Notwithstanding any provision of applicable law requiring a greater proportion
than a majority of the votes entitled to be cast in order to take or authorize
any action (unless otherwise provided in this Declaration of Trust or the
ByLaws), any such action may be taken or authorized upon the concurrence of at
least a majority of the aggregate number of votes entitled to be cast thereon.
SECTION 5.5 ACTION BY UNANIMOUS CONSENT. Subject to the provisions of
the 1940 Act and other applicable law, any action taken by Shareholders may be
taken without a meeting if all of the Shareholders entitled to vote on the
matter consent to the action in writing and such written consents are filed with
the records of the meetings of Shareholders. Such consent shall be treated for
all purposes as a vote taken at a meeting of Shareholders.

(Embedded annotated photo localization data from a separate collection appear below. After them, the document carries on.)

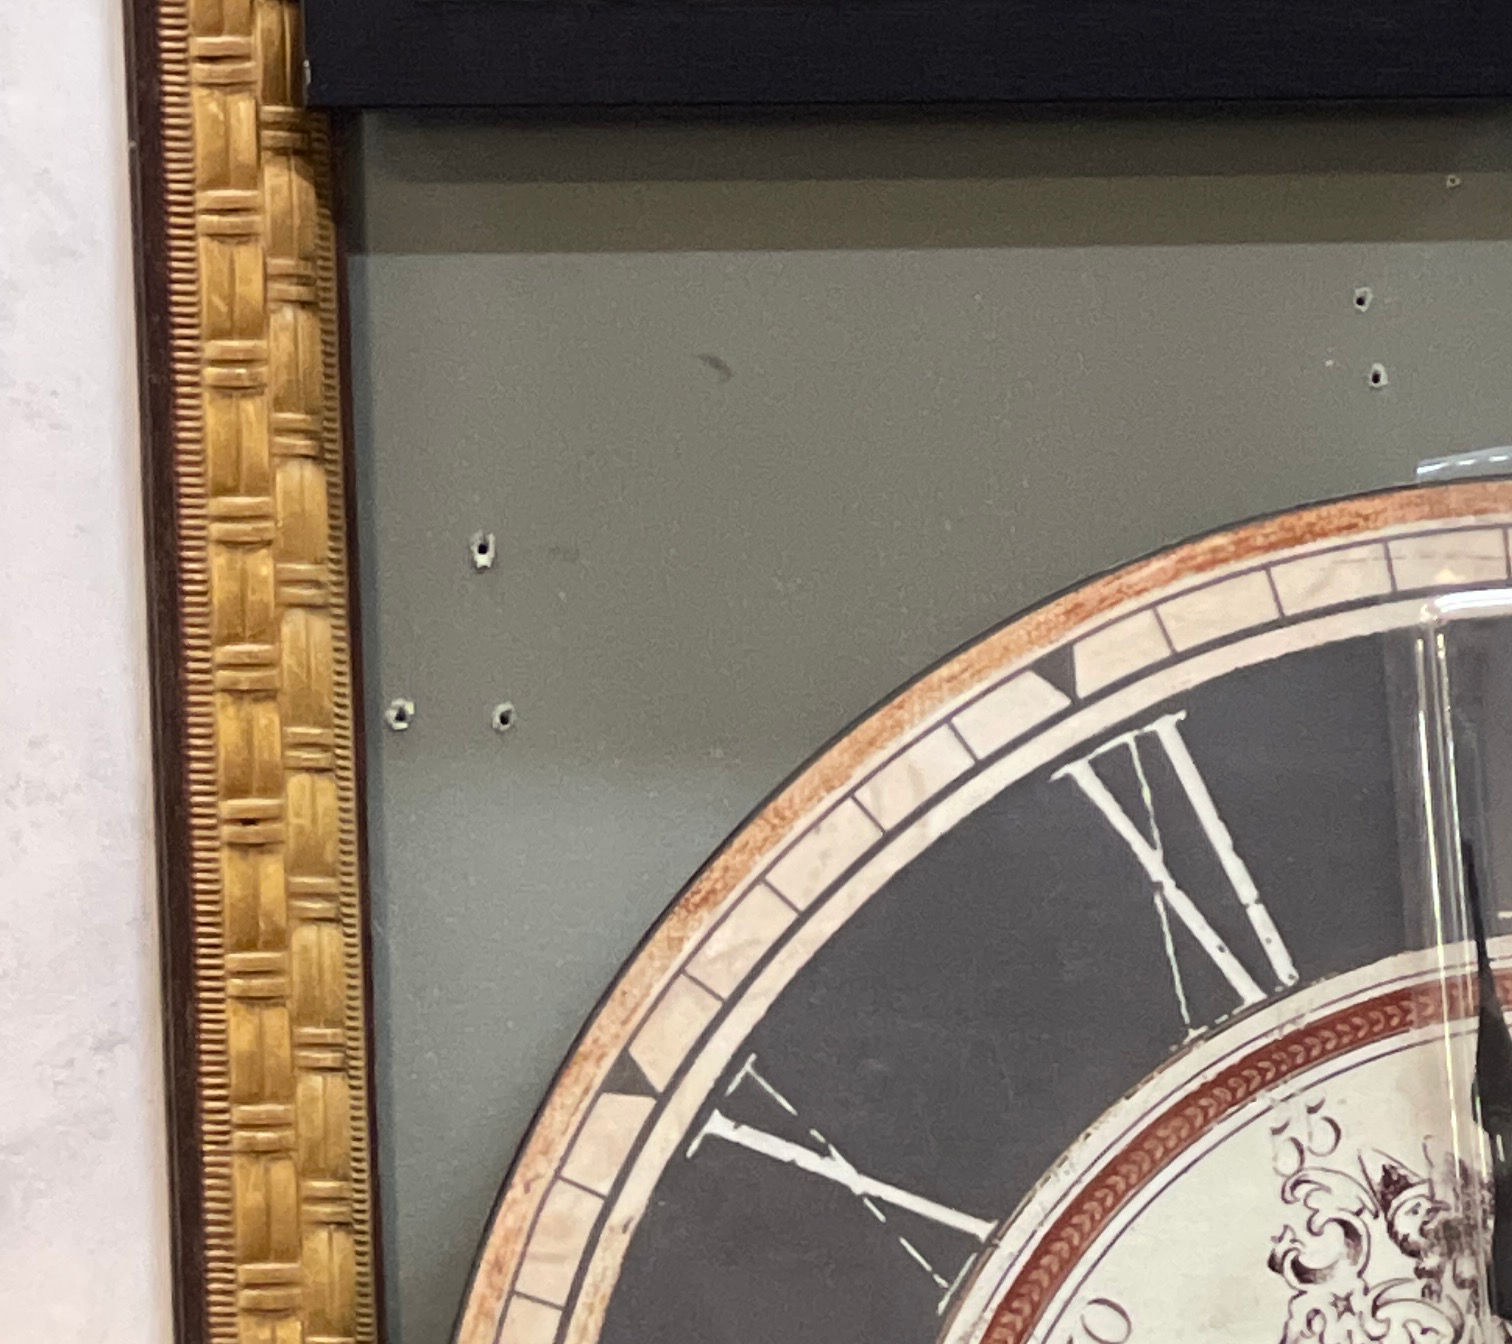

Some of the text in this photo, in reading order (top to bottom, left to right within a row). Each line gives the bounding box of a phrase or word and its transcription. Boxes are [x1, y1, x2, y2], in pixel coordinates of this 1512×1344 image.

[1050, 710, 1298, 1051] XI
[686, 1053, 1000, 1315] X
[1270, 1097, 1341, 1177] 55
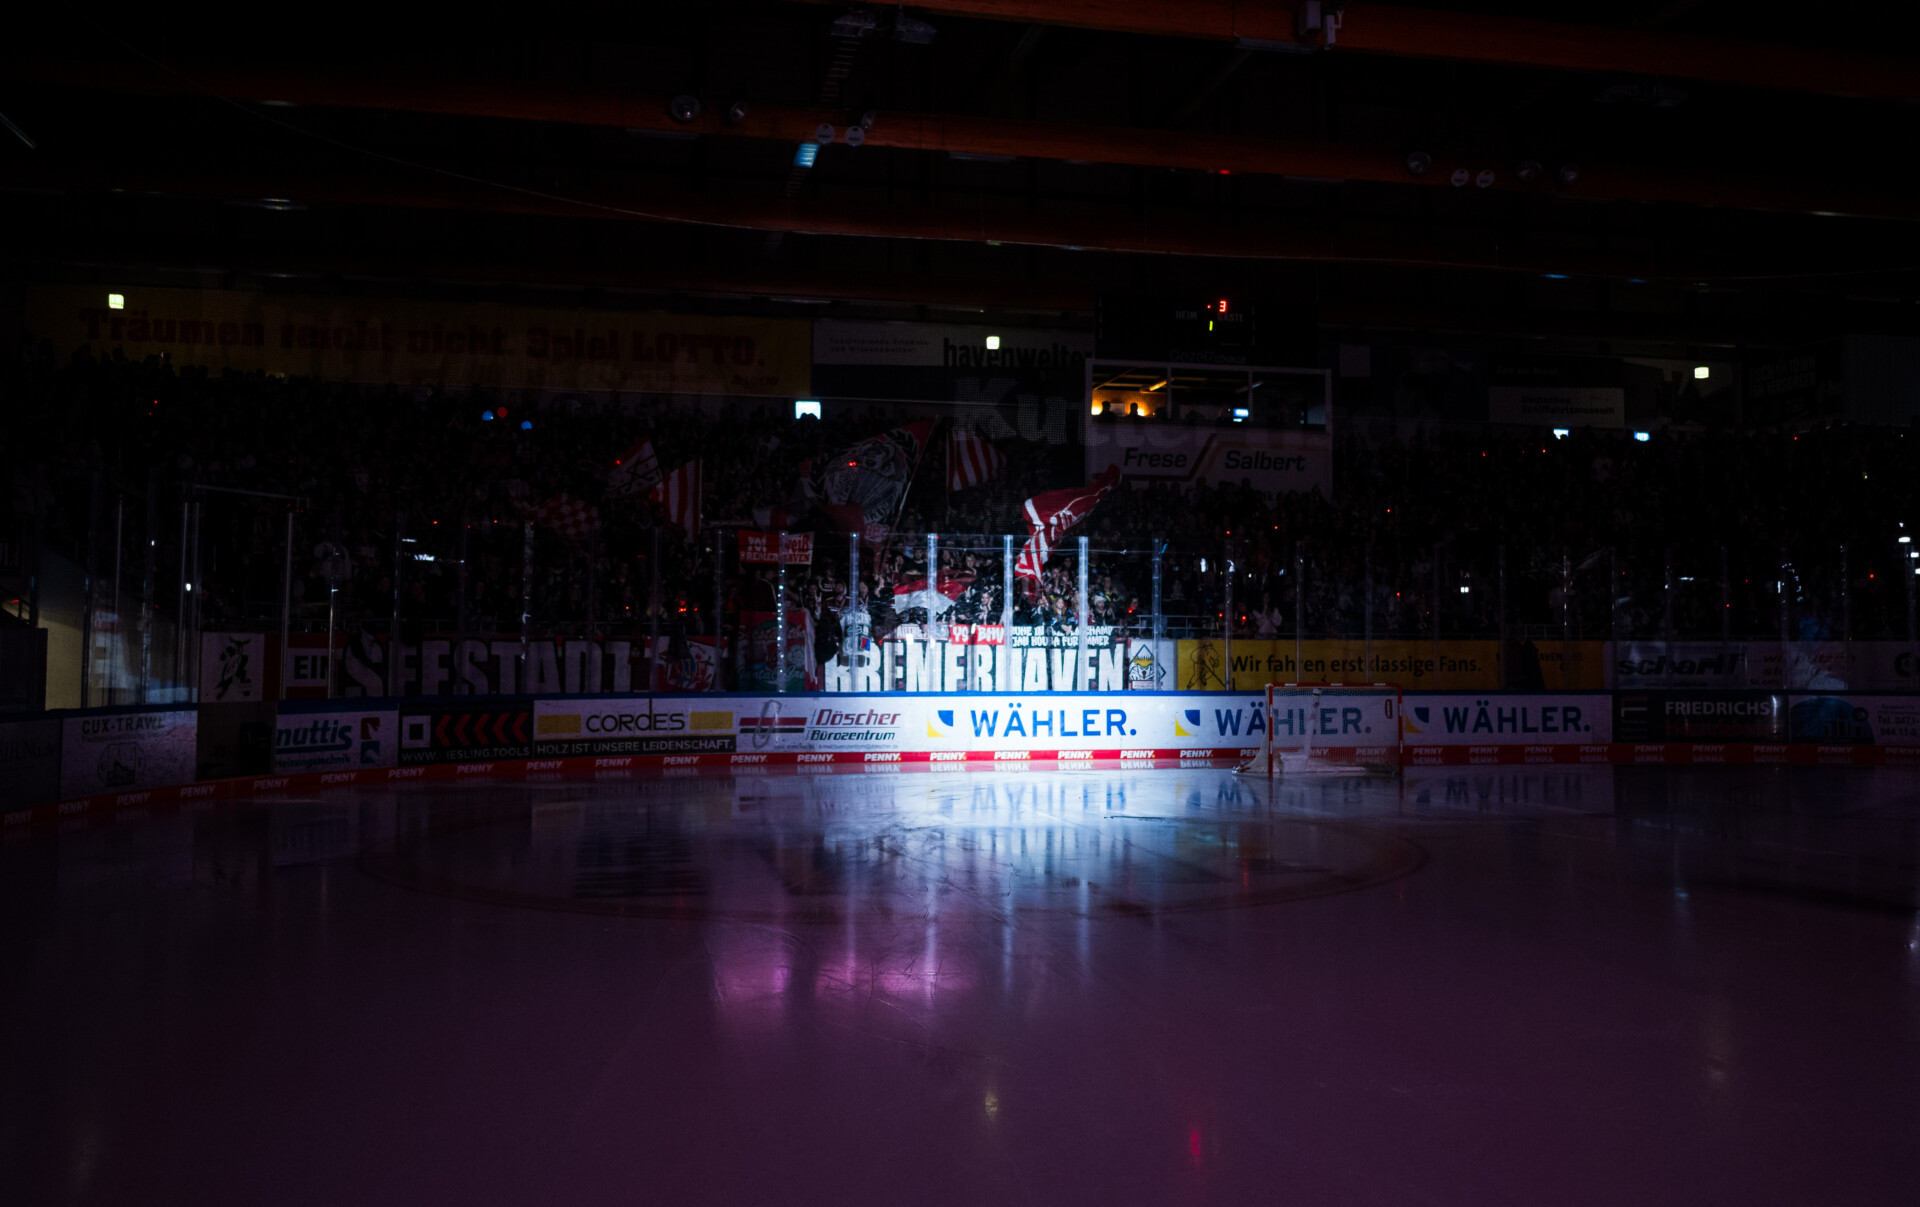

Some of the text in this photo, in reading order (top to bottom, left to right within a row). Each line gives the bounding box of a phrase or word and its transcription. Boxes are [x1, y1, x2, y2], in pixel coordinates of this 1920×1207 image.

[1219, 301, 1227, 312] 3
[79, 308, 265, 347] Träumen
[282, 319, 394, 352] reicht
[527, 327, 620, 366] Spiel
[1124, 447, 1306, 473] Frese Salbert
[739, 551, 810, 562] BREMERAVEN
[825, 640, 1125, 692] BREMERHAVEN
[1230, 656, 1262, 672] Wir
[1267, 655, 1325, 672] fahen
[1331, 656, 1434, 677] erstlassige
[1438, 656, 1483, 672] Fans.
[816, 708, 902, 726] Döscher
[1443, 700, 1591, 733] WÄHLER.
[1664, 701, 1771, 715] FRIEDRICHS
[970, 702, 1138, 737] WÄHLER.
[1215, 701, 1372, 736] WÄHLER.
[276, 719, 353, 748] nuttis
[810, 729, 896, 741] Bürozentrum
[537, 738, 734, 755] HOLZ IST UNSERE LEIDENSCHAFT.
[1240, 749, 1258, 758] PEN
[274, 754, 352, 769] Heizungstechnik
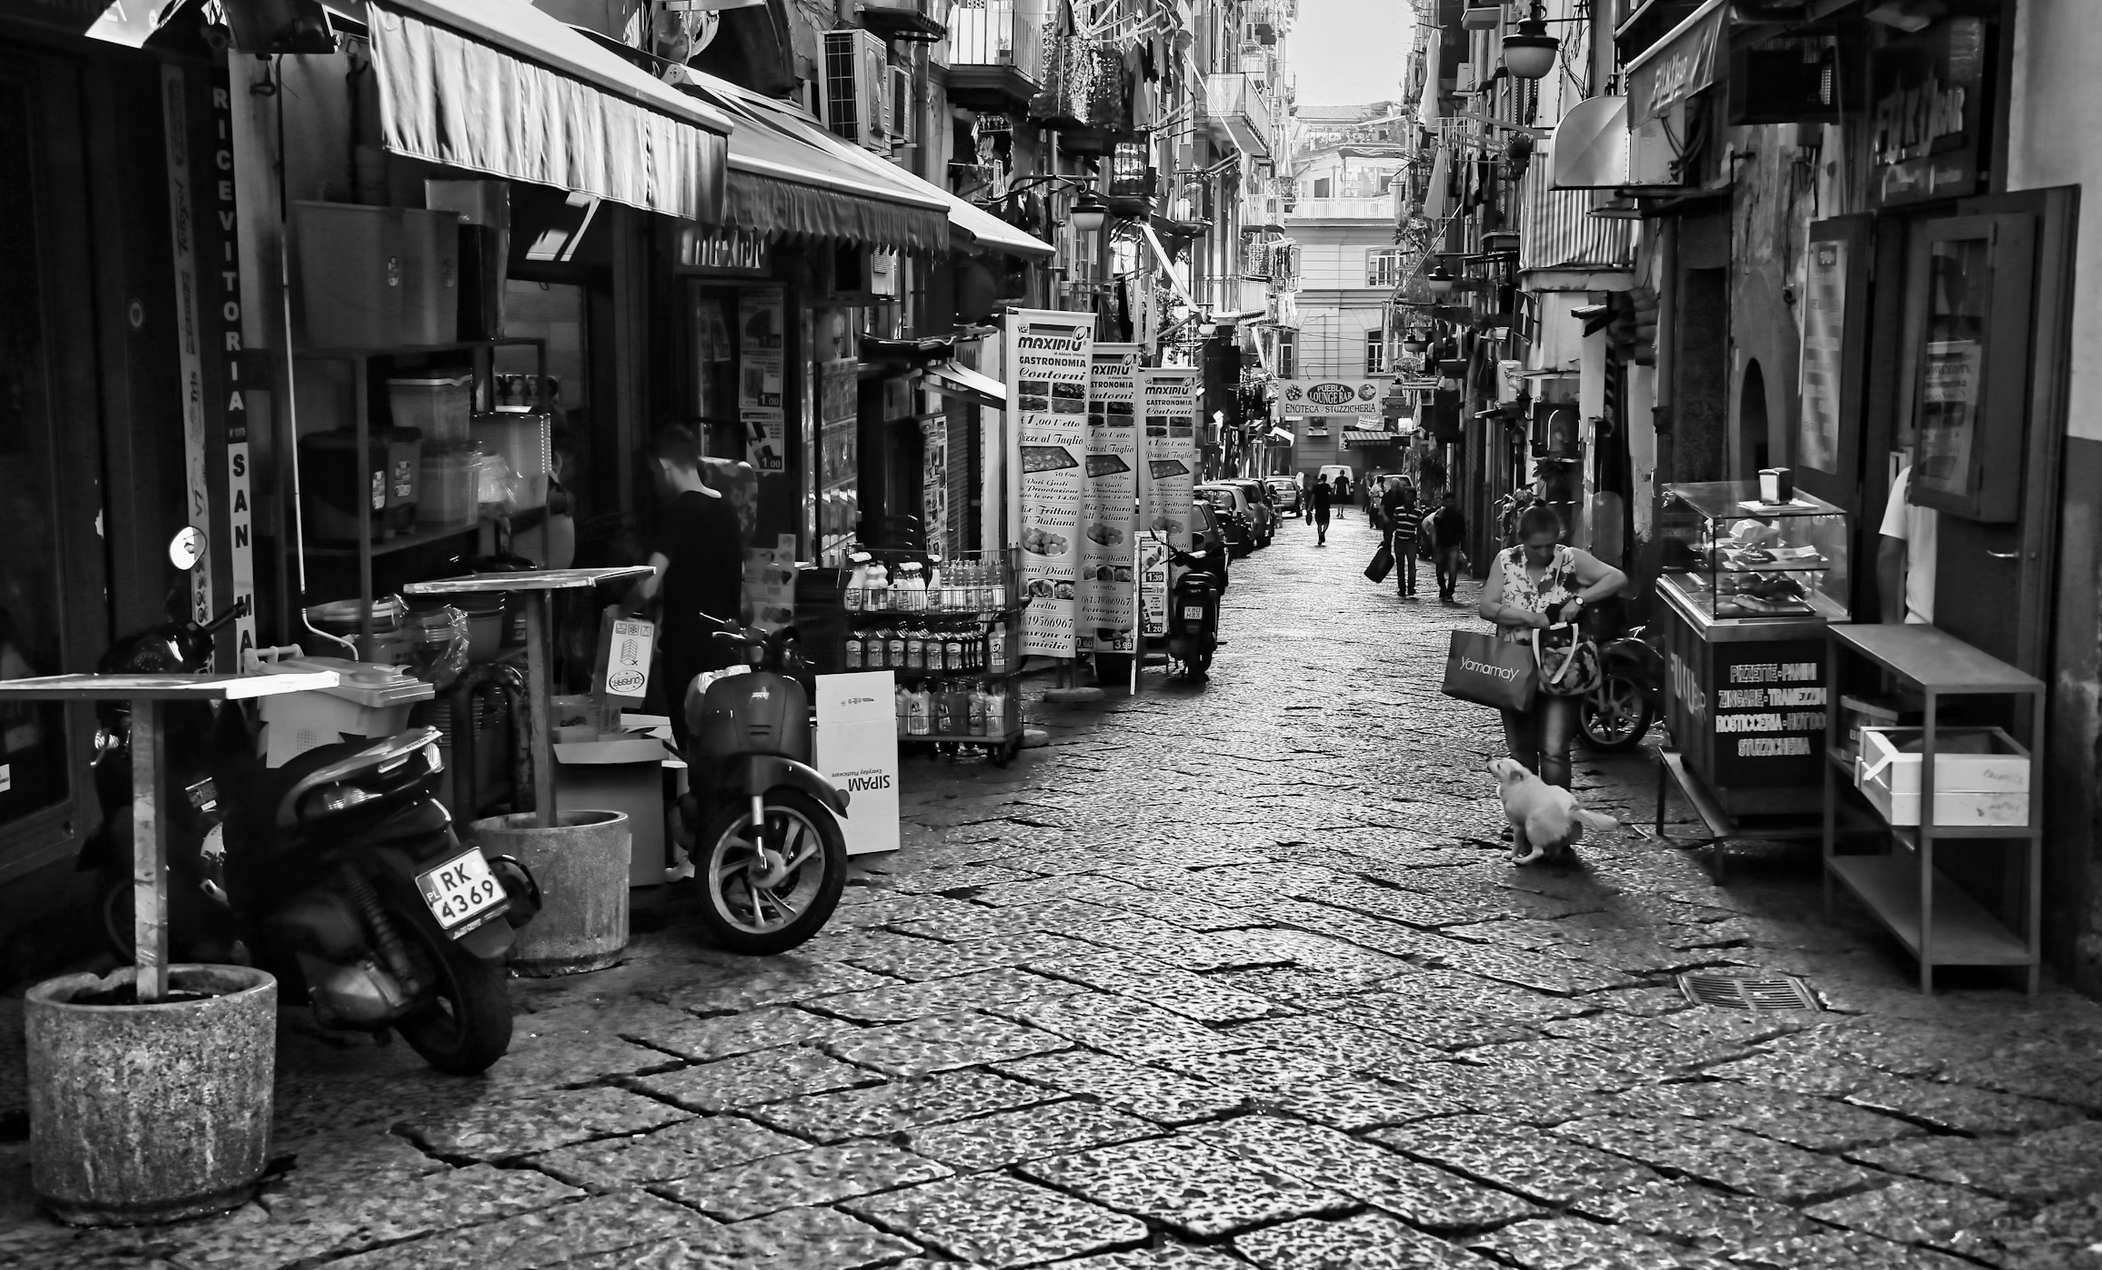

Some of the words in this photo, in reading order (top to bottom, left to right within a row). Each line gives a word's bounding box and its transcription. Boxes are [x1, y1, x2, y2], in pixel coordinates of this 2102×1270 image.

[213, 86, 245, 411] RICEVITORIA
[1019, 356, 1086, 367] GASTRONOMIA
[1019, 367, 1086, 380] Contorni
[1090, 381, 1134, 389] STRONOMIA
[1317, 384, 1344, 392] PUEBLA
[1090, 392, 1134, 400] ontorni
[1310, 391, 1338, 404] LOUNGE
[1339, 391, 1353, 402] BAR
[1146, 407, 1192, 415] Contorni
[1285, 403, 1320, 413] ENOTECA
[1326, 403, 1376, 413] STUZZICHERIA
[1040, 433, 1051, 443] al
[1054, 433, 1084, 446] Taglio
[1110, 443, 1134, 454] Taglio
[1026, 485, 1078, 494] Prenotazione
[233, 454, 252, 548] SAN
[1036, 504, 1078, 516] Frittura
[1034, 515, 1075, 527] Italiana
[1044, 565, 1075, 576] Piatti
[1460, 656, 1520, 682] Yamamay
[1730, 663, 1778, 683] PIZZETTE
[1782, 662, 1817, 681] PANINI
[612, 676, 642, 687] QUASAR
[1718, 689, 1764, 708] ZINGARE
[1767, 687, 1827, 706] TRAMEZZIN
[1715, 713, 1783, 733] ROSTICCERIA
[1738, 737, 1811, 756] STUZZICHERIA
[832, 771, 860, 780] Plasticware
[860, 768, 883, 779] Everyday
[848, 775, 891, 792] SIPAM
[440, 863, 472, 892] RK
[426, 890, 442, 903] PL
[442, 880, 494, 919] 4369
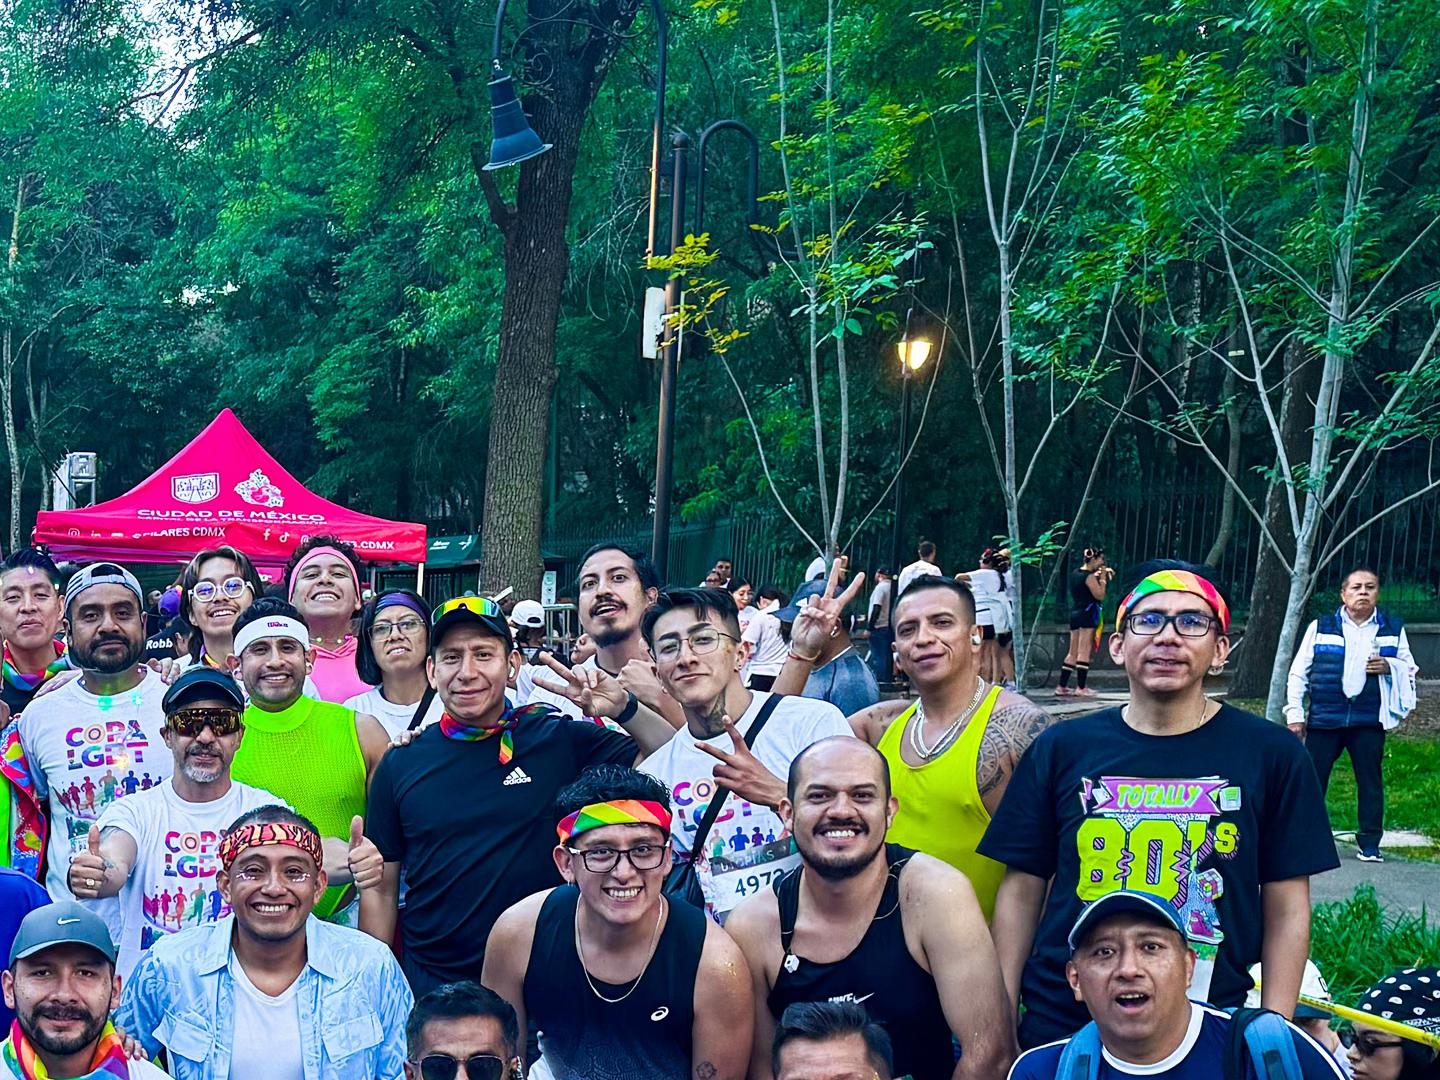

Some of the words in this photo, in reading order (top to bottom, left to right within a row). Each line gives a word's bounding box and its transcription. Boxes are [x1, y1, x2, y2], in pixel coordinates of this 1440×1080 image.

SECTION 5.6 INSPECTION OF RECORDS. The records of the Trust shall be
open to inspection by Shareholders to the same extent as is permitted
stockholders of a Kentucky business corporation under the Kentucky Business
Corporation Law.
SECTION 5.7 ADDITIONAL PROVISIONS. The By-Laws may include further
provisions for Shareholders' votes and meetings and related matters.
ARTICLE VI
LIMITATION OF LIABILITY; INDEMNIFICATION
SECTION 6.1 TRUSTEES, SHAREHOLDERS, ETC. NOT PERSONALLY LIABLE; NOTICE.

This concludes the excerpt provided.